Task directions >>
Omit the pictures, and output the rest of the entries exactly as written.

[Dataset excerpts]
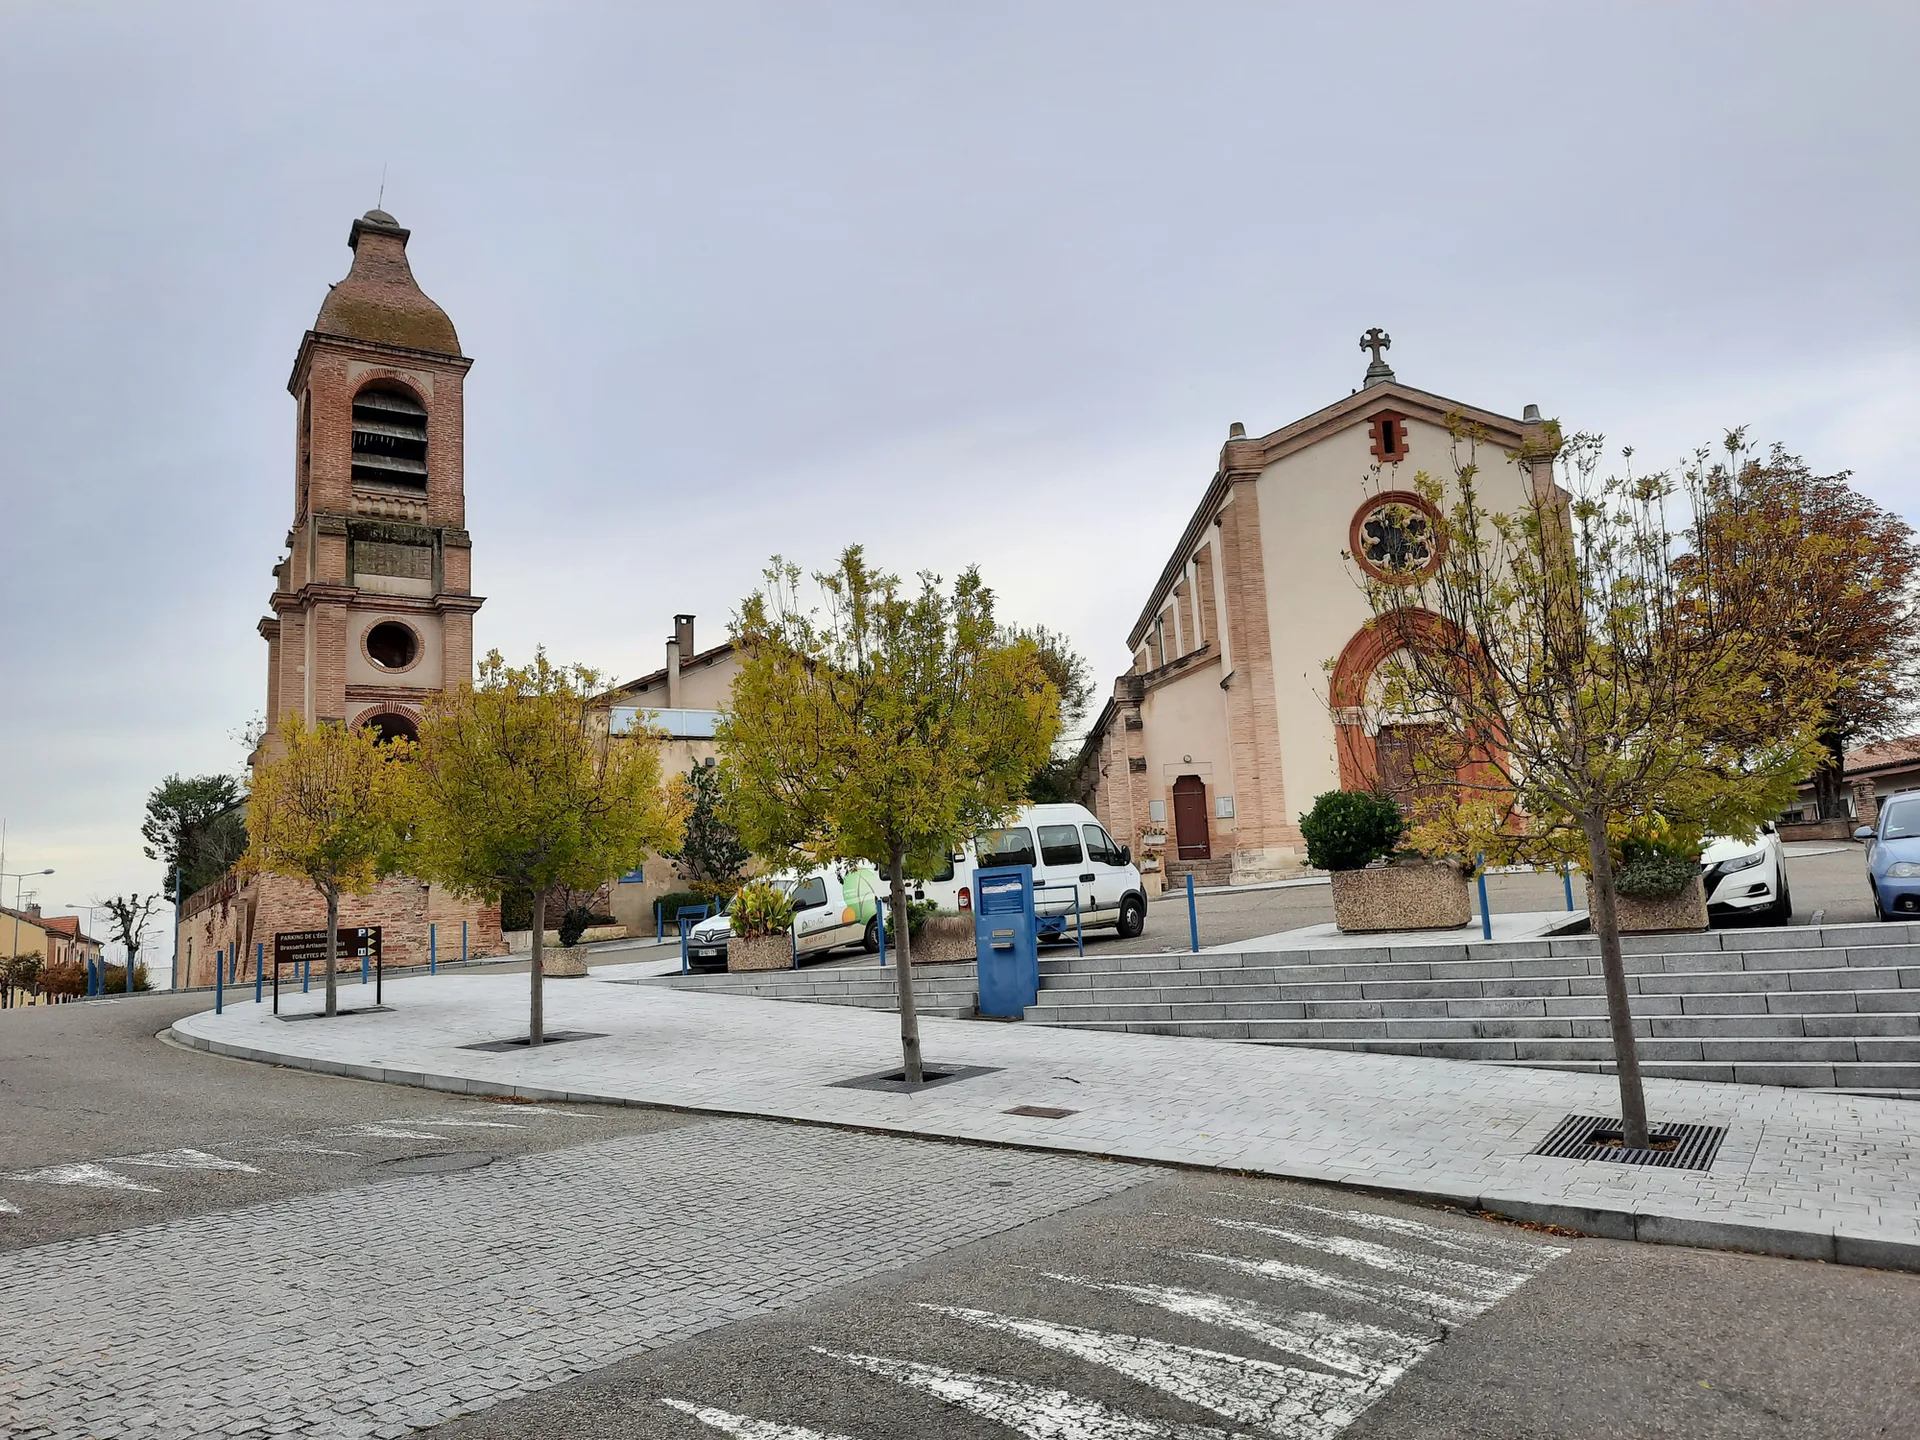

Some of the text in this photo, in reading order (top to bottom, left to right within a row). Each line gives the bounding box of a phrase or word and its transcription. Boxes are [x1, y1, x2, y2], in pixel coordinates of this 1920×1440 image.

[280, 933, 304, 942] PARKING
[304, 932, 312, 940] DE
[358, 929, 366, 937] P
[292, 952, 319, 960] TOILETTES
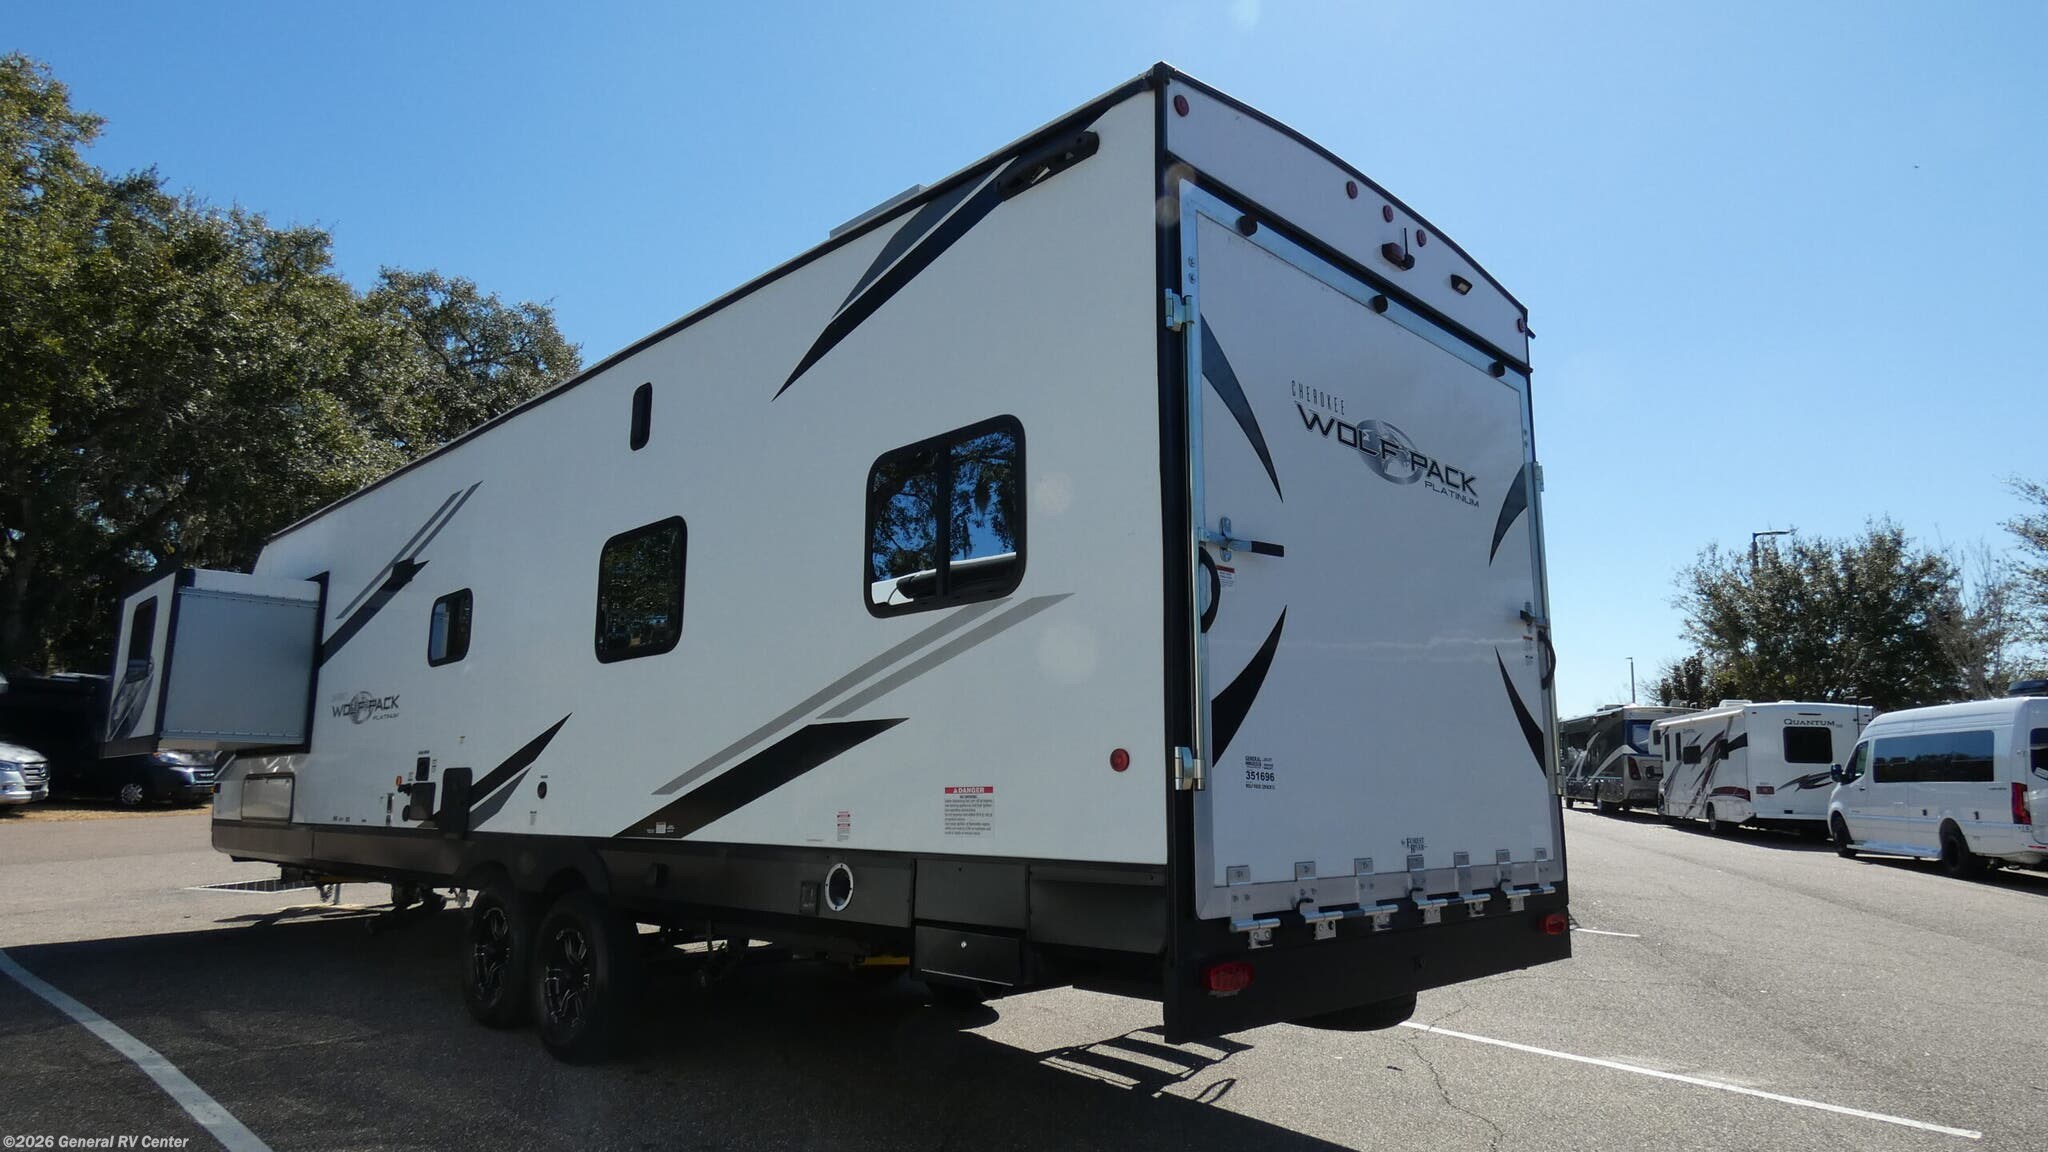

Written solution >>
Some of the text in this photo, in reading order (top to bottom, left to right within a row). Each line gives the bounding box of a phrase or word and its transcription. Boxes are [x1, y1, x2, y2], in pixel coordinates of this 1920×1440 image.

[280, 933, 304, 942] PARKING
[304, 932, 312, 940] DE
[358, 929, 366, 937] P
[292, 952, 319, 960] TOILETTES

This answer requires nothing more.